(PROBLEM DESCRIPTION): What you return should match the data below exactly, line for line.

(RECORDED INFORMATION):
============
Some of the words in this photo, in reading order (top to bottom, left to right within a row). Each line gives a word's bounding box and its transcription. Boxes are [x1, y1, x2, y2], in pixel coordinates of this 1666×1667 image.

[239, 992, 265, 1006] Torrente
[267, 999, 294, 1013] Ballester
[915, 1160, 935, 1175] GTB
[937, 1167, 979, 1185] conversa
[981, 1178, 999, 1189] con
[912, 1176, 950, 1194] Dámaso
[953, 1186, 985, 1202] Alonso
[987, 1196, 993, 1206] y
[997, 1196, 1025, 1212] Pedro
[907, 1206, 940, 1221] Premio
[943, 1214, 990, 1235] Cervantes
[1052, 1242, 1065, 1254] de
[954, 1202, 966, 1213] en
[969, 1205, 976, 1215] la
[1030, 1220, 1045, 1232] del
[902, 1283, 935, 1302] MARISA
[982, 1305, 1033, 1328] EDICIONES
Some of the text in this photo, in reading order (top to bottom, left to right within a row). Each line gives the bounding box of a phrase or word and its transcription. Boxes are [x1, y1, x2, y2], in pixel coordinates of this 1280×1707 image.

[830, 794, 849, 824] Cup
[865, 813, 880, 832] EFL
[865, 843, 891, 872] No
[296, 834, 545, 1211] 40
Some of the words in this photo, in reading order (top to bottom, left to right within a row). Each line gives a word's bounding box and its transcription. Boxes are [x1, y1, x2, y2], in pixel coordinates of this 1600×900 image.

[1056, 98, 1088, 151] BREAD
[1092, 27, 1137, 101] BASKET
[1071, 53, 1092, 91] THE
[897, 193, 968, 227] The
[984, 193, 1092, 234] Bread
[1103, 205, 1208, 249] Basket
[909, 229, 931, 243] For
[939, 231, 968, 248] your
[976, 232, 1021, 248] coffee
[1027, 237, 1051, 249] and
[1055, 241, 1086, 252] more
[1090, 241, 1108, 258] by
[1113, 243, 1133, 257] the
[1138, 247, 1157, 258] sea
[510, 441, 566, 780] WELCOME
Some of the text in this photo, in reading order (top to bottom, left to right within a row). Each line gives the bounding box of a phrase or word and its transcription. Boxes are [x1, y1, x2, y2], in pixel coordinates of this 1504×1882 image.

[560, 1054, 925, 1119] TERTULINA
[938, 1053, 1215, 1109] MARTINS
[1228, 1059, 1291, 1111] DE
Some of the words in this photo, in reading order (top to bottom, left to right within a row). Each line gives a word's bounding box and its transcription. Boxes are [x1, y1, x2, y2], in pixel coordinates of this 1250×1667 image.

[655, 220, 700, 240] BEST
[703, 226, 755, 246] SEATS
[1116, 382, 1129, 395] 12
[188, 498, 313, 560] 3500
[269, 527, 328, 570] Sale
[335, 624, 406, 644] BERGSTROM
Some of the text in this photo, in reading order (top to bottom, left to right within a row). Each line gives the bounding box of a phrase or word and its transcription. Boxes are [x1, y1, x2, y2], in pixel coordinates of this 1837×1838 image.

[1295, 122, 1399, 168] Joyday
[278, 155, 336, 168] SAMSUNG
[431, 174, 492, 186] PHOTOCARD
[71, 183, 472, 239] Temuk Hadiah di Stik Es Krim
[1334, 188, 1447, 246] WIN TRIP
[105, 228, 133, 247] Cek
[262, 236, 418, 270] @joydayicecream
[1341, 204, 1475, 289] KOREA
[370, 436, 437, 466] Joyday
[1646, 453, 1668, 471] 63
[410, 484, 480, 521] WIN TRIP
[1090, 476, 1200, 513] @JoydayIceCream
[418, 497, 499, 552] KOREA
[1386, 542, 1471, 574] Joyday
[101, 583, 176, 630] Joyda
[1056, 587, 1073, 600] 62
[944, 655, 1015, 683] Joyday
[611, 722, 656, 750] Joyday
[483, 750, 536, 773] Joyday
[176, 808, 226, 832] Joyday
============
(FINISHED EXERCISE):
Some of the words in this photo, in reading order (top to bottom, left to right within a row). Each line gives a word's bounding box and its transcription. Boxes are [x1, y1, x2, y2], in pixel coordinates of this 1666×1667 image.

[239, 992, 265, 1006] Torrente
[267, 999, 294, 1013] Ballester
[915, 1160, 935, 1175] GTB
[937, 1167, 979, 1185] conversa
[981, 1178, 999, 1189] con
[912, 1176, 950, 1194] Dámaso
[953, 1186, 985, 1202] Alonso
[987, 1196, 993, 1206] y
[997, 1196, 1025, 1212] Pedro
[907, 1206, 940, 1221] Premio
[943, 1214, 990, 1235] Cervantes
[1052, 1242, 1065, 1254] de
[954, 1202, 966, 1213] en
[969, 1205, 976, 1215] la
[1030, 1220, 1045, 1232] del
[902, 1283, 935, 1302] MARISA
[982, 1305, 1033, 1328] EDICIONES
Some of the text in this photo, in reading order (top to bottom, left to right within a row). Each line gives the bounding box of a phrase or word and its transcription. Boxes are [x1, y1, x2, y2], in pixel coordinates of this 1280×1707 image.

[830, 794, 849, 824] Cup
[865, 813, 880, 832] EFL
[865, 843, 891, 872] No
[296, 834, 545, 1211] 40
Some of the words in this photo, in reading order (top to bottom, left to right within a row). Each line gives a word's bounding box and its transcription. Boxes are [x1, y1, x2, y2], in pixel coordinates of this 1600×900 image.

[1056, 98, 1088, 151] BREAD
[1092, 27, 1137, 101] BASKET
[1071, 53, 1092, 91] THE
[897, 193, 968, 227] The
[984, 193, 1092, 234] Bread
[1103, 205, 1208, 249] Basket
[909, 229, 931, 243] For
[939, 231, 968, 248] your
[976, 232, 1021, 248] coffee
[1027, 237, 1051, 249] and
[1055, 241, 1086, 252] more
[1090, 241, 1108, 258] by
[1113, 243, 1133, 257] the
[1138, 247, 1157, 258] sea
[510, 441, 566, 780] WELCOME
Some of the text in this photo, in reading order (top to bottom, left to right within a row). Each line gives the bounding box of a phrase or word and its transcription. Boxes are [x1, y1, x2, y2], in pixel coordinates of this 1504×1882 image.

[560, 1054, 925, 1119] TERTULINA
[938, 1053, 1215, 1109] MARTINS
[1228, 1059, 1291, 1111] DE
Some of the words in this photo, in reading order (top to bottom, left to right within a row). Each line gives a word's bounding box and its transcription. Boxes are [x1, y1, x2, y2], in pixel coordinates of this 1250×1667 image.

[655, 220, 700, 240] BEST
[703, 226, 755, 246] SEATS
[1116, 382, 1129, 395] 12
[188, 498, 313, 560] 3500
[269, 527, 328, 570] Sale
[335, 624, 406, 644] BERGSTROM
Some of the text in this photo, in reading order (top to bottom, left to right within a row). Each line gives the bounding box of a phrase or word and its transcription. Boxes are [x1, y1, x2, y2], in pixel coordinates of this 1837×1838 image.

[1295, 122, 1399, 168] Joyday
[278, 155, 336, 168] SAMSUNG
[431, 174, 492, 186] PHOTOCARD
[71, 183, 472, 239] Temuk Hadiah di Stik Es Krim
[1334, 188, 1447, 246] WIN TRIP
[105, 228, 133, 247] Cek
[262, 236, 418, 270] @joydayicecream
[1341, 204, 1475, 289] KOREA
[370, 436, 437, 466] Joyday
[1646, 453, 1668, 471] 63
[410, 484, 480, 521] WIN TRIP
[1090, 476, 1200, 513] @JoydayIceCream
[418, 497, 499, 552] KOREA
[1386, 542, 1471, 574] Joyday
[101, 583, 176, 630] Joyda
[1056, 587, 1073, 600] 62
[944, 655, 1015, 683] Joyday
[611, 722, 656, 750] Joyday
[483, 750, 536, 773] Joyday
[176, 808, 226, 832] Joyday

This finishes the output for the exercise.